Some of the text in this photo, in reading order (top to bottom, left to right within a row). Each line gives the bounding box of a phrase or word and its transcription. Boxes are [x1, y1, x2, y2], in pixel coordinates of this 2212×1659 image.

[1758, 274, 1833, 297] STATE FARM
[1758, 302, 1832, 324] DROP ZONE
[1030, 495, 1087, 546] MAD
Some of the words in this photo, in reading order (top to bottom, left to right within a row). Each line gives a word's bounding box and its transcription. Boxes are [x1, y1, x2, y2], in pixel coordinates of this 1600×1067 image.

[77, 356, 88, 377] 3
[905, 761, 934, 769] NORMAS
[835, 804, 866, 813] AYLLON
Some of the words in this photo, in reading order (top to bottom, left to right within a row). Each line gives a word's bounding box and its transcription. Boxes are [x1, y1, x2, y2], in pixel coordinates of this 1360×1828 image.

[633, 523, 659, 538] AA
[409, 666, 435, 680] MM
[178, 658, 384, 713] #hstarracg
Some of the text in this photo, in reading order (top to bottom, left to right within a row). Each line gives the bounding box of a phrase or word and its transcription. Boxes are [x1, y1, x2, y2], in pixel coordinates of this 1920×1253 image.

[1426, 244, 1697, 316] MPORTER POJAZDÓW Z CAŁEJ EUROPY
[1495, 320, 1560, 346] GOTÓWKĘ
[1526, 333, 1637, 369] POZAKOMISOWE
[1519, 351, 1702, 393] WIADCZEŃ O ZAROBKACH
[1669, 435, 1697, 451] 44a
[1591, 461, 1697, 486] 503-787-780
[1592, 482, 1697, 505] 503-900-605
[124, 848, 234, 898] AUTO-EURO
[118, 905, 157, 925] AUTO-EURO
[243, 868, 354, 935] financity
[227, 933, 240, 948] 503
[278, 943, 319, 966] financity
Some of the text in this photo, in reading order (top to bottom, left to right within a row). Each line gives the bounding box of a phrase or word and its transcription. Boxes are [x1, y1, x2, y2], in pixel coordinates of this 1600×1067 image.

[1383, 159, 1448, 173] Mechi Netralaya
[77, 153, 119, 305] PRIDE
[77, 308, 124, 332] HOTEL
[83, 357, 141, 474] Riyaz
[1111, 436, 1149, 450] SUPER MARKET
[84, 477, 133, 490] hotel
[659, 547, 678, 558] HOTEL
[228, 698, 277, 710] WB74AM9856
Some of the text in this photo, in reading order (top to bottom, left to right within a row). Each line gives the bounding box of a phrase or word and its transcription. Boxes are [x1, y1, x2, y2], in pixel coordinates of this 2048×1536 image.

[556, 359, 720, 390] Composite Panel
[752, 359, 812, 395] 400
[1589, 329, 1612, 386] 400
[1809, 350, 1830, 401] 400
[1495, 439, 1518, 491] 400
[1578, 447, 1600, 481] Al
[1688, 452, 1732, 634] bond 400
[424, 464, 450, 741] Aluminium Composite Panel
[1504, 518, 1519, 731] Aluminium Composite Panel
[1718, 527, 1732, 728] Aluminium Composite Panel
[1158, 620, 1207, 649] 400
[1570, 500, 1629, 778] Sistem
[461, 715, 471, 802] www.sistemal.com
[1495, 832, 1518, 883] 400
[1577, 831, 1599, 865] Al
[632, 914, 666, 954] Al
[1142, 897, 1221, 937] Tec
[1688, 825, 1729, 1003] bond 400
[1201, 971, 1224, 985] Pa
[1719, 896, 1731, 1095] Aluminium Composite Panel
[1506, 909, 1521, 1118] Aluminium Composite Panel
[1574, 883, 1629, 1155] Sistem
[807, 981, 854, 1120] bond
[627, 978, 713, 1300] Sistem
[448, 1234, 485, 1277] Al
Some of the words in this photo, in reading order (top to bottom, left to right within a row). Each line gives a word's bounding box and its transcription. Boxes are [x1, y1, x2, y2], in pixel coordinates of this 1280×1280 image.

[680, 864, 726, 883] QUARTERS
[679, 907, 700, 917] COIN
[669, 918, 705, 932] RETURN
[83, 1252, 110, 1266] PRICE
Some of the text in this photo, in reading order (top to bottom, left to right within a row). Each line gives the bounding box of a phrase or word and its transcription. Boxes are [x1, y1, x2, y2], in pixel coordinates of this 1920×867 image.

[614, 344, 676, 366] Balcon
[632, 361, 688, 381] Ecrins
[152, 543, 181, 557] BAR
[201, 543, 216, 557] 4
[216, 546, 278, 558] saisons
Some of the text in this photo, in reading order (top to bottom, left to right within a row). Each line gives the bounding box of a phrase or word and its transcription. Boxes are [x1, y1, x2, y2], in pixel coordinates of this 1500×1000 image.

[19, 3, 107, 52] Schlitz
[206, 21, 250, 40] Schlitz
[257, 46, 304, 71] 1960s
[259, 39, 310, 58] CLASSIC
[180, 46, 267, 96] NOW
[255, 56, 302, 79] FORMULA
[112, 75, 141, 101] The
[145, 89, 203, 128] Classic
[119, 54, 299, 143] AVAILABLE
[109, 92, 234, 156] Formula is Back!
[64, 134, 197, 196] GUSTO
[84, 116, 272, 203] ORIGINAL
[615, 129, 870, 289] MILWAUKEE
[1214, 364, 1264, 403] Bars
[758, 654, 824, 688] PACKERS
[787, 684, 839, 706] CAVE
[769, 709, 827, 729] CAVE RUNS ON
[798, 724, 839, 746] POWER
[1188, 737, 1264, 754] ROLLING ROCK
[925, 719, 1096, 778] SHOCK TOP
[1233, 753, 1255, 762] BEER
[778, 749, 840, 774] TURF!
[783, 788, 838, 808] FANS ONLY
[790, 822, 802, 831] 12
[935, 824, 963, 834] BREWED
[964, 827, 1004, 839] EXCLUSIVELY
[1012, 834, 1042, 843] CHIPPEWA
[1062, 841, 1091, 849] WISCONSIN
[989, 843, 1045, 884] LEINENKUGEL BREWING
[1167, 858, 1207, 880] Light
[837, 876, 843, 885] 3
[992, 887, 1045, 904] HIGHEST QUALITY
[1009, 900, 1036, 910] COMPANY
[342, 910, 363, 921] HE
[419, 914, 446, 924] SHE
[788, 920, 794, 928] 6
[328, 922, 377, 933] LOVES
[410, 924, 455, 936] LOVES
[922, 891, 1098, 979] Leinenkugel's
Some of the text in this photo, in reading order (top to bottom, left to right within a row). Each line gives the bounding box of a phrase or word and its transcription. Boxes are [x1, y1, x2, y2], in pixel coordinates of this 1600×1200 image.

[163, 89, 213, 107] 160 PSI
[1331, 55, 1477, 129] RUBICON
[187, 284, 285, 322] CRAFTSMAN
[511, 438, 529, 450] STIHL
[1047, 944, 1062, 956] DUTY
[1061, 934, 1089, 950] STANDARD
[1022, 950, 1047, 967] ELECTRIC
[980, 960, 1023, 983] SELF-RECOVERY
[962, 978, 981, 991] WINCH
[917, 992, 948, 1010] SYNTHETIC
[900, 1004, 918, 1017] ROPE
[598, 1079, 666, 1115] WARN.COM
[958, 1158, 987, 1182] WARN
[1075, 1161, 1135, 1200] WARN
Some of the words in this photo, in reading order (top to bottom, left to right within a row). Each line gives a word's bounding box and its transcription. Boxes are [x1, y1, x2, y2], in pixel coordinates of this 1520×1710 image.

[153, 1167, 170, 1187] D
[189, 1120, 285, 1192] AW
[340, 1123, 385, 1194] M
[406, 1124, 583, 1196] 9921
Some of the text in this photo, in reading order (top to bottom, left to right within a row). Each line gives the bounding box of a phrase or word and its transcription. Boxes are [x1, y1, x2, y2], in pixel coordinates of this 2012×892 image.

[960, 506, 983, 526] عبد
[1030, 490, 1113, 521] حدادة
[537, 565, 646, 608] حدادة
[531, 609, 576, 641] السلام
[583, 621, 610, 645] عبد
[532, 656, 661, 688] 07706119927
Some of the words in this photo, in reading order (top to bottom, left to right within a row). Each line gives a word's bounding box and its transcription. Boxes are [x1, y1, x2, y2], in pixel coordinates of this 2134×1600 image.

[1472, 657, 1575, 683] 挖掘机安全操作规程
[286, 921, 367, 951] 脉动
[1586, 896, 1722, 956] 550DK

Exercise brief
Each line from the one containing "this 2134×1600 image." through the final line of the records must be repeated exactly, with no line added or dropped.

Worked solution
Some of the words in this photo, in reading order (top to bottom, left to right within a row). Each line gives a word's bounding box and its transcription. Boxes are [x1, y1, x2, y2], in pixel coordinates of this 2134×1600 image.

[1472, 657, 1575, 683] 挖掘机安全操作规程
[286, 921, 367, 951] 脉动
[1586, 896, 1722, 956] 550DK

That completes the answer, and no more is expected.